(Beginning of Available data)

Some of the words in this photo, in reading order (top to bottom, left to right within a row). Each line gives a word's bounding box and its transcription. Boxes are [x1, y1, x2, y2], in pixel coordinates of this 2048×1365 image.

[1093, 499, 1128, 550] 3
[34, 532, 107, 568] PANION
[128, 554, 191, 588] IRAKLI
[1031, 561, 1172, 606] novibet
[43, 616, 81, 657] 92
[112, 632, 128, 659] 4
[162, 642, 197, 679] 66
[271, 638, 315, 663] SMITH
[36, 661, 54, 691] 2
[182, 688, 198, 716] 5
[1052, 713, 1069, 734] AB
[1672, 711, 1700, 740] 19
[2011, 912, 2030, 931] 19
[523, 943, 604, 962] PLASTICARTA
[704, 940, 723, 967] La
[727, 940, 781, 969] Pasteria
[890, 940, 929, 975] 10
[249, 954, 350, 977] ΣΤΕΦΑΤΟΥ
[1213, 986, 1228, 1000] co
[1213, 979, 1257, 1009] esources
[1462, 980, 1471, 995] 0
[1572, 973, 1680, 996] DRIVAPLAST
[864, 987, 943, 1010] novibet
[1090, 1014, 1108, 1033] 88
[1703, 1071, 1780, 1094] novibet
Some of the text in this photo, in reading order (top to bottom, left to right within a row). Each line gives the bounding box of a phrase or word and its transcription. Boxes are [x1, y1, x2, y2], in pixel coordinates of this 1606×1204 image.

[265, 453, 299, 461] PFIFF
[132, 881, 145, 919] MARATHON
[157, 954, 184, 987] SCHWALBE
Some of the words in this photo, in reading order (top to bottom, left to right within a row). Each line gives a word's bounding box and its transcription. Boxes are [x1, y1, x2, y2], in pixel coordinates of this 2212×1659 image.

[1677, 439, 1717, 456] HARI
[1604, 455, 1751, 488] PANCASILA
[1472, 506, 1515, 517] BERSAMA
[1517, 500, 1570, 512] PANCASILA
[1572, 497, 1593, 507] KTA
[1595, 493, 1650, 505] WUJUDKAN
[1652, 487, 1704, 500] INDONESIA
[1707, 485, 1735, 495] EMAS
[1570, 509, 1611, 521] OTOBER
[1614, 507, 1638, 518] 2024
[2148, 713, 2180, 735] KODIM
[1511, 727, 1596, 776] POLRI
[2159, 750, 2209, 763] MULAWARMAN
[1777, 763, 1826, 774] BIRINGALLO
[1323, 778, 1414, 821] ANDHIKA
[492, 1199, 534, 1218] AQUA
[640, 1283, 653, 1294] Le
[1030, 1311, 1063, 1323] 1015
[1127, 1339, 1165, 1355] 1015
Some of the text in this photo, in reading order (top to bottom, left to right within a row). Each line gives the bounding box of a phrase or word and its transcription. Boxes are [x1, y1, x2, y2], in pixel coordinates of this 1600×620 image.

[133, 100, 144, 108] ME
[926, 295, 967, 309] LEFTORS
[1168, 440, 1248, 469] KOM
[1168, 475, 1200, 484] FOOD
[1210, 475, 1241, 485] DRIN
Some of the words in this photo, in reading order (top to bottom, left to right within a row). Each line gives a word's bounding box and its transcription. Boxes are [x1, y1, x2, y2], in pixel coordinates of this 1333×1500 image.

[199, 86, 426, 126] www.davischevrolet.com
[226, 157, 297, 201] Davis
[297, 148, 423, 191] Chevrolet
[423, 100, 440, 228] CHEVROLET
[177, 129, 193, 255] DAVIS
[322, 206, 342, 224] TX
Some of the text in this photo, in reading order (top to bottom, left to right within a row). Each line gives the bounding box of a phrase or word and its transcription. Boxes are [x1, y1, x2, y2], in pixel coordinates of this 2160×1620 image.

(End of Available data)

• _What needs to be done_: Beginning at the line that contains "this 2212×1659 image.", transcribe every line through the end of the material exactly, leaving out all earlier lines.

• _Written solution_:
Some of the words in this photo, in reading order (top to bottom, left to right within a row). Each line gives a word's bounding box and its transcription. Boxes are [x1, y1, x2, y2], in pixel coordinates of this 2212×1659 image.

[1677, 439, 1717, 456] HARI
[1604, 455, 1751, 488] PANCASILA
[1472, 506, 1515, 517] BERSAMA
[1517, 500, 1570, 512] PANCASILA
[1572, 497, 1593, 507] KTA
[1595, 493, 1650, 505] WUJUDKAN
[1652, 487, 1704, 500] INDONESIA
[1707, 485, 1735, 495] EMAS
[1570, 509, 1611, 521] OTOBER
[1614, 507, 1638, 518] 2024
[2148, 713, 2180, 735] KODIM
[1511, 727, 1596, 776] POLRI
[2159, 750, 2209, 763] MULAWARMAN
[1777, 763, 1826, 774] BIRINGALLO
[1323, 778, 1414, 821] ANDHIKA
[492, 1199, 534, 1218] AQUA
[640, 1283, 653, 1294] Le
[1030, 1311, 1063, 1323] 1015
[1127, 1339, 1165, 1355] 1015
Some of the text in this photo, in reading order (top to bottom, left to right within a row). Each line gives the bounding box of a phrase or word and its transcription. Boxes are [x1, y1, x2, y2], in pixel coordinates of this 1600×620 image.

[133, 100, 144, 108] ME
[926, 295, 967, 309] LEFTORS
[1168, 440, 1248, 469] KOM
[1168, 475, 1200, 484] FOOD
[1210, 475, 1241, 485] DRIN
Some of the words in this photo, in reading order (top to bottom, left to right within a row). Each line gives a word's bounding box and its transcription. Boxes are [x1, y1, x2, y2], in pixel coordinates of this 1333×1500 image.

[199, 86, 426, 126] www.davischevrolet.com
[226, 157, 297, 201] Davis
[297, 148, 423, 191] Chevrolet
[423, 100, 440, 228] CHEVROLET
[177, 129, 193, 255] DAVIS
[322, 206, 342, 224] TX
Some of the text in this photo, in reading order (top to bottom, left to right within a row). Each line gives the bounding box of a phrase or word and its transcription. Boxes are [x1, y1, x2, y2], in pixel coordinates of this 2160×1620 image.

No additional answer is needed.